*** DATA TO PROCESS

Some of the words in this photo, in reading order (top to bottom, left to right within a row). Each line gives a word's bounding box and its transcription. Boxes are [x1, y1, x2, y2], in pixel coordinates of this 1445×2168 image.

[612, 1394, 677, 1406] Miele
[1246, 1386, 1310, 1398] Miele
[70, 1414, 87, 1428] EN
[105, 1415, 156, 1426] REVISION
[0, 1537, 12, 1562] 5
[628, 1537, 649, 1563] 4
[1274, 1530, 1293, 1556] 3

******

TASK STATEMENT - Your job is to copy all the records exactly.

OUTPUT OF THE EXERCISE -
Some of the words in this photo, in reading order (top to bottom, left to right within a row). Each line gives a word's bounding box and its transcription. Boxes are [x1, y1, x2, y2], in pixel coordinates of this 1445×2168 image.

[612, 1394, 677, 1406] Miele
[1246, 1386, 1310, 1398] Miele
[70, 1414, 87, 1428] EN
[105, 1415, 156, 1426] REVISION
[0, 1537, 12, 1562] 5
[628, 1537, 649, 1563] 4
[1274, 1530, 1293, 1556] 3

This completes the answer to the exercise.